This doesn’t match any rows because from R’s point of view "kenya" and "Kenya" are completely different!

Numeric filters

The “greater than” operator > filters on numeric columns. For example, year is a column in the development dataset.

development %>%
  filter(year > 2000)

The code above filters rows where year is greater than 2000, showing us the result.

The opposite of the > operator is the < operator. This filters numeric columns which are less than a value.

In the video we change > to < and run the code.

Combined filters

You can combine filters in a pipeline to filter rows using multiple operators.

development %>%
  filter(country == "Kenya") %>%
  filter(year > 2000)

This code filters rows leaving those where the country is Kenya and the year is greater than 2000.

Storing and re-using filtered data

When filtering, it’s common to want to save a subset of a dataset to use again.

For example, we might want to filter the data, make a table, and then also make a plot.

The key step is to assign your filtered data to a new variable.

For example:

development.europe <- development %>%
  filter(continent == "Europe") %>%
  filter(year > 1980)

This code filters rows leaving us with data for European countries after 1980.

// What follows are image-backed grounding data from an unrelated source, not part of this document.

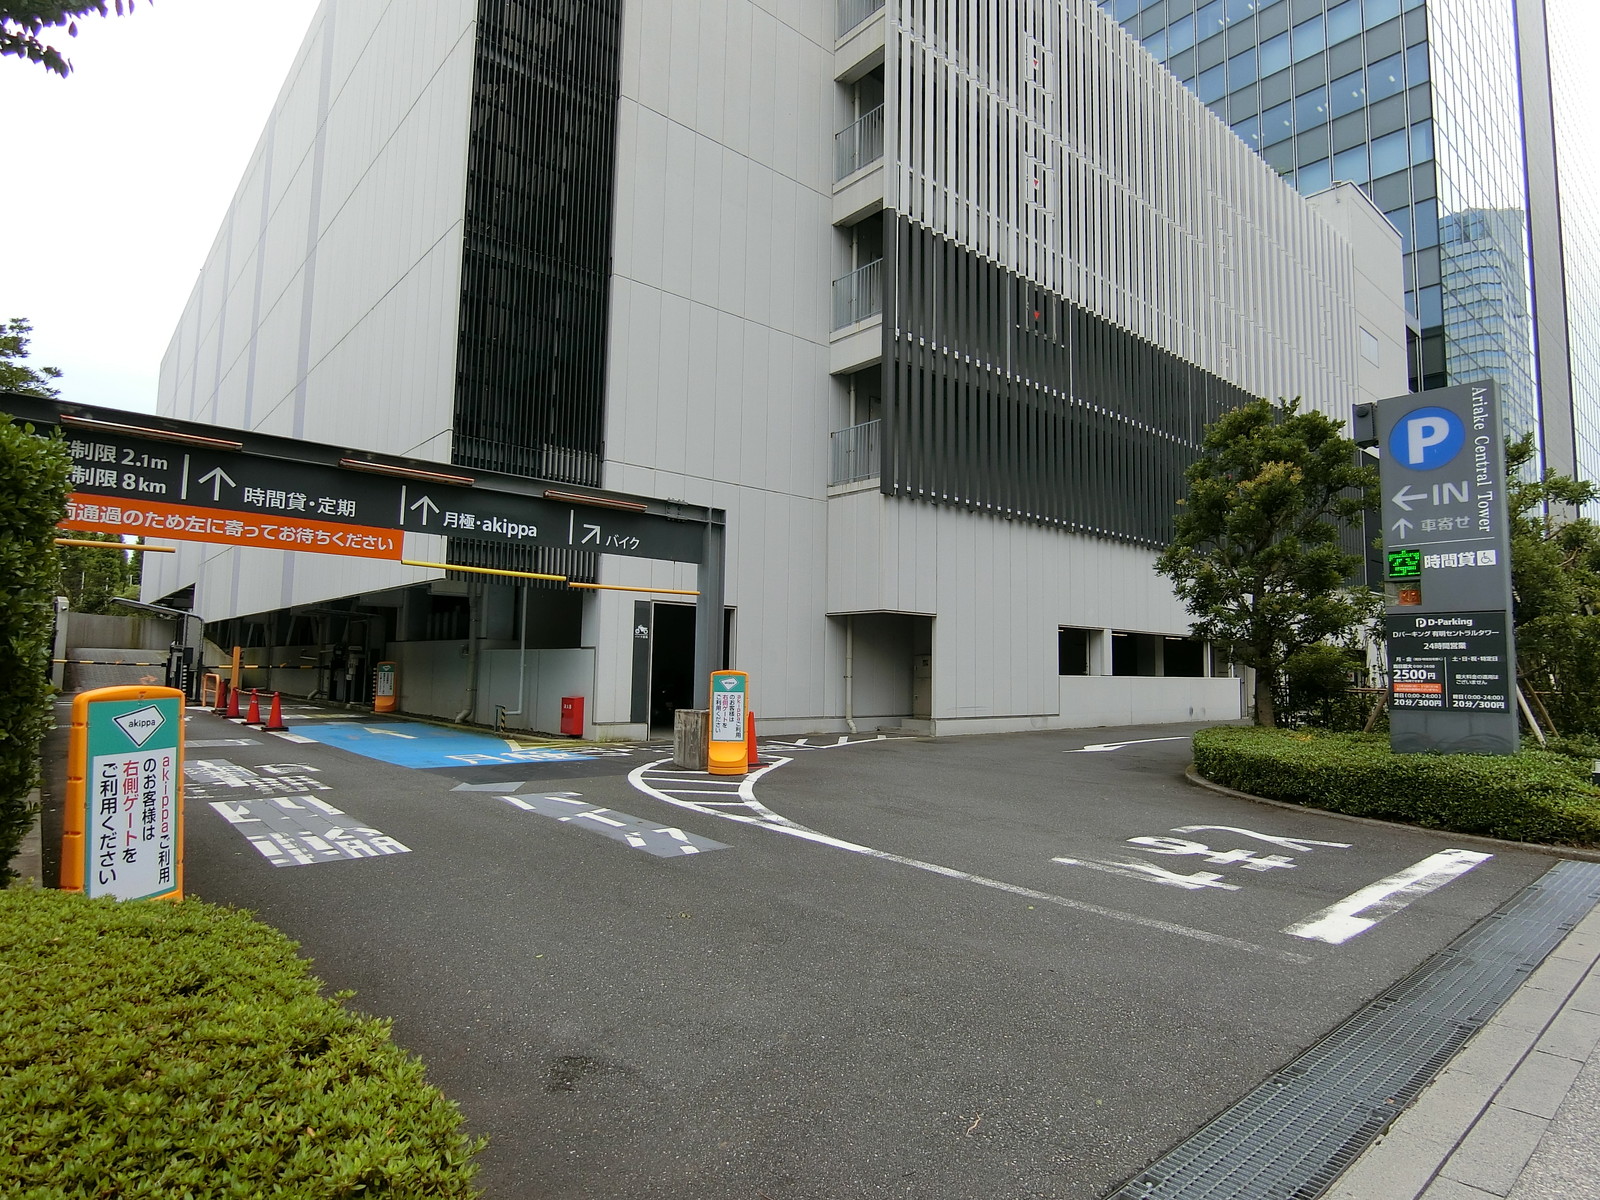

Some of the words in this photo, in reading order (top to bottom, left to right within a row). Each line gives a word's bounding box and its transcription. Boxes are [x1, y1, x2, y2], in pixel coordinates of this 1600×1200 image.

[1471, 387, 1489, 431] Ariake
[66, 440, 117, 464] 制限
[121, 448, 168, 470] 2.1m
[1407, 416, 1450, 465] P
[1474, 435, 1490, 487] Central
[66, 466, 118, 488] 制限
[243, 487, 357, 518] 時間貸・定期
[1432, 480, 1469, 506] IN
[1420, 515, 1471, 533] 車寄せ
[1477, 491, 1493, 532] Tower
[605, 534, 641, 551] バイク
[1424, 551, 1476, 569] 時間貸
[128, 718, 156, 728] akippa
[122, 760, 140, 864] 右側ゲートを
[142, 757, 157, 841] のお客様は
[98, 763, 119, 885] ご利用ください

Importantly, it also stores this data in a new variable, called development.europe.

We can look at this new subset of the data by typing and running its name, or by looking in the Envrionment pane.

Now that it is stored in a new variable, we can use these data in other code, for example to make a plot:

development.europe %>%
    ggplot(aes(gdp_per_capita, life_expectancy)) +
  geom_point()

In the next section you’ll see how we could also use the saved data to calculate descriptive statistics for particular groups.

Don’t forget to store filtered data

Beginners often forget to assign their filtered data to a new variable. Remember to give your variables short but descriptive names so you know what they are.

Exercise 6

Filter the development dataset to show countries with a population greater than 100 million.

Your results should look like this:

Exercise 7

Show countries with a population greater than 100 million and life expectancy greater than 70.

The results should look like this:

Summarising data using summarise()

  • Summarising data means reducing lots of numbers to a smaller number
  • For example, the mean is a summary which tells us about the central tendency
  • summarise() allows us to use different summary functions like mean(), median() or sd() (standard deviation)
  • It reduces many rows into a smaller number (sometimes a single number)
  • summarise() returns a new dataset
  • You can store the result in a variable, or use it in later code
  • You can use filter() and summarise() together
# use function mean() to summarise mpg column
# the result is a data.frame with a single column named 'mean_mpg'
fuel %>%
  summarise(mean_mpg = mean(mpg))

# if you omit the column name, the summarised column is named after the summary function
# this produces column names which can be awkward to process later in a pipeline
# for example:
fuel %>%
  summarise(mean(mpg))

# median mpg (rather than mean)
fuel %>%
  summarise(median_mpg = median(mpg))

# standard deviation
fuel %>%
  summarise(sd_mpg = sd(mpg))

# summarise two columns at once 
# the mean and sd functions are separated with a comma
# the resulting data frame is stored in a variable called fuel_summary
fuel_summary <- fuel %>%
  summarise(m = mean(mpg), sd = sd(mpg))

# see the stored summary
fuel_summary

# remember, this summary is still a new dataset; you could do more processing on it in extra steps if needed

# combining filter() and summarise()
development %>% 
  filter(continent=="Asia") %>% 
  summarise(Average_life_expectancy = mean(life_expectancy))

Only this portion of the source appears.